No dejan de ser las chanzas sobre el pinganillo algo más que un grotesco espectáculo. Retratan, en puridad, un modelo de despreciar abruptamente la pluralidad, en este caso lingüística. Un símbolo rancio ejemplarizante de unidad patriótica que va calando vertiginosamente a nivel de calle y hasta de conciencia política y que acuerdos de gobierno tan previsibles como urgidos entre la izquierda y las sensibilidades periféricas acabarán por implosionar hasta límites indeseables para el entendimiento. Más incertidumbre para enredar el laberinto.

Viene a convertirse la nueva amnistía del periodo democrático en una auténtica bomba de relojería. Nadie se la podía imaginar en la víspera del 23-J. Más aún, ni siquiera fue invitada semejante medida de gracia al convite de la campaña electoral. Mucho menos, por parte de Pedro Sánchez, empeñado entonces en exigir para Puigdemont el cumplimiento estricto de todas sus causas judiciales pendientes. Todavía la necesidad de saciar su ambición de poder no le había arrojado del caballo. Urgido por el respaldo imprescindible de los siete diputados de Junts –ese mismo partido al que había que hostigar durante la pasada legislatura para mayor gloria del socio preferente ERC–, el líder socialista sufre una transformación catártica. Donde siempre vio la necesaria actuación de la Justicia contra el procés, ahora entiende aquella rebeldía como una simple manifestación de exigencia política. Del negro al blanco en menos de mes y medio, del 155 a la amnistía en un abrir y cerrar de ojos.
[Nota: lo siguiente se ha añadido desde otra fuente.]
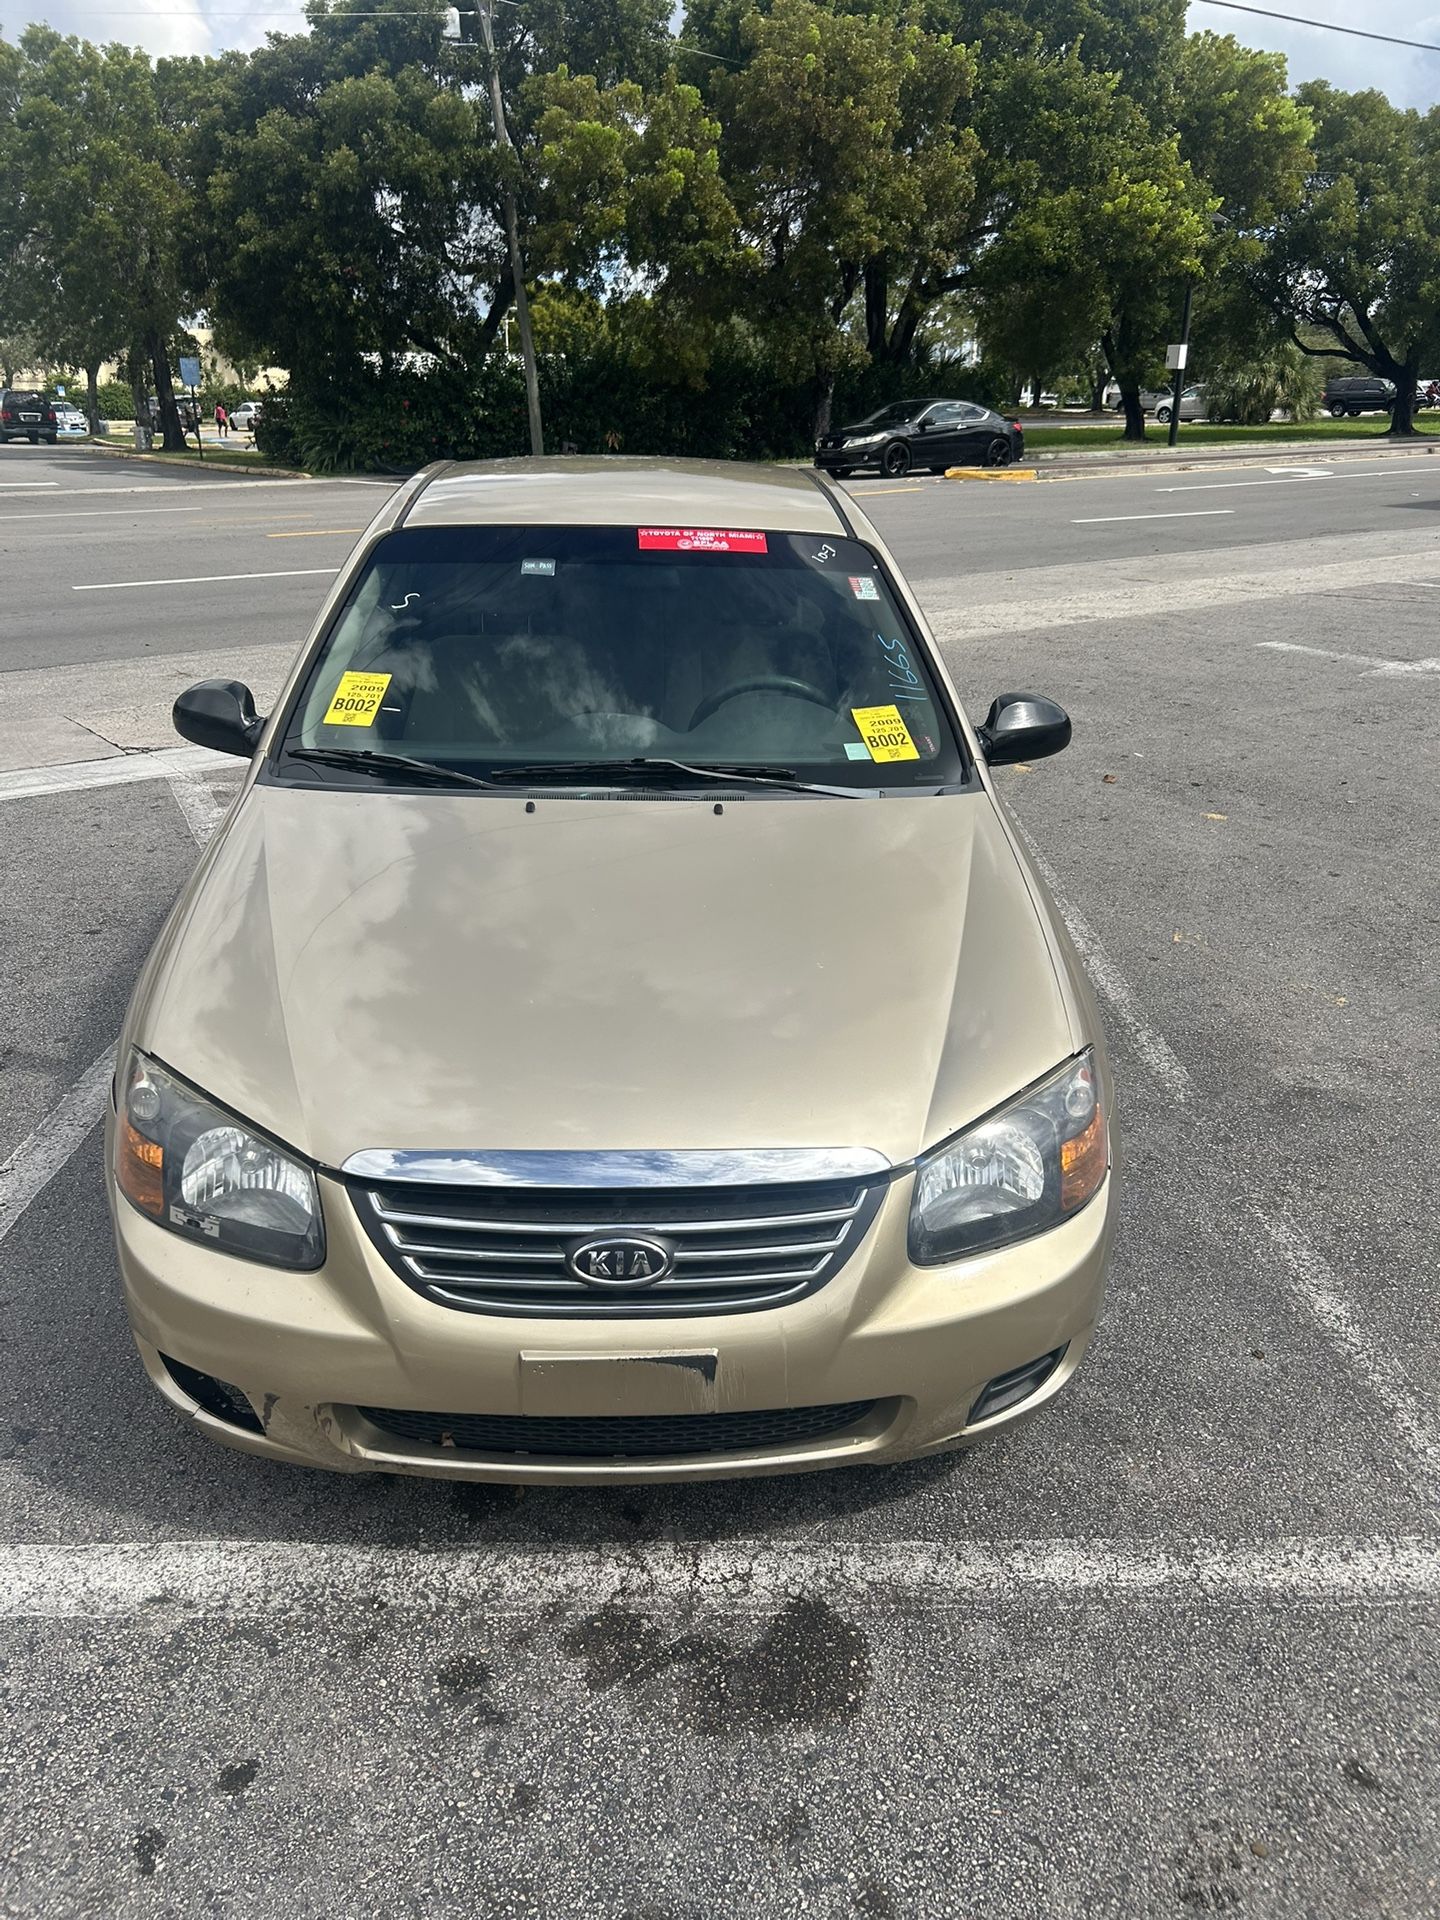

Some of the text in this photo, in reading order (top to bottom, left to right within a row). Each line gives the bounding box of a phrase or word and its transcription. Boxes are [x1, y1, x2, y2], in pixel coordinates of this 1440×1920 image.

[729, 532, 756, 540] MIAMI
[351, 684, 385, 692] 2009
[333, 697, 376, 712] B002
[869, 718, 901, 727] 2009
[867, 732, 909, 748] B002
[588, 1250, 652, 1276] KIA
Tamaña metamorfosis ideológica, gestada posiblemente por muchas gotas de desmedida ambición personalista del poder y otras de apuesta por el borrón y cuenta nueva en Catalunya, ha dinamitado la caja de los truenos. Otra vez una raya, en este caso de espeso grosor, que divide dos bandos. De nuevo el entendimiento imposible desde el maximalismo más fronterizo. Paso libre, por tanto, a la excitación dialéctica. Los bloques impenetrables se apoderan del debate imposible. No resulta demasiado difícil imaginar que la amnistía, en sus múltiples acepciones de sumisión, entrega, golpe constitucional o traición se apoderará el próximo martes de los folios del discurso de Núñez Feijóo después de las imágenes y del vocerío que proporcionará el desmedido acto de mañana en la Corte. Un trago de difícil digestión para el perfil que busca y necesita el presidente del partido, cada día más incómodo oteando a su alrededor. El asedio de tanta inspiración aznarista y el cortejo indisoluble de Vox asfixian la consolidación de una apuesta creíble de este desnortado PP, incapaz de salir de su propio laberinto. Por eso, consciente de esta adversidad de difícil solución, Sánchez se permitió en la ONU la licencia chulesca de una sonrisa matona, impropia de un mandatario, para predecir con absoluta displicencia el anunciado fracaso de su rival en el intento de su investidura.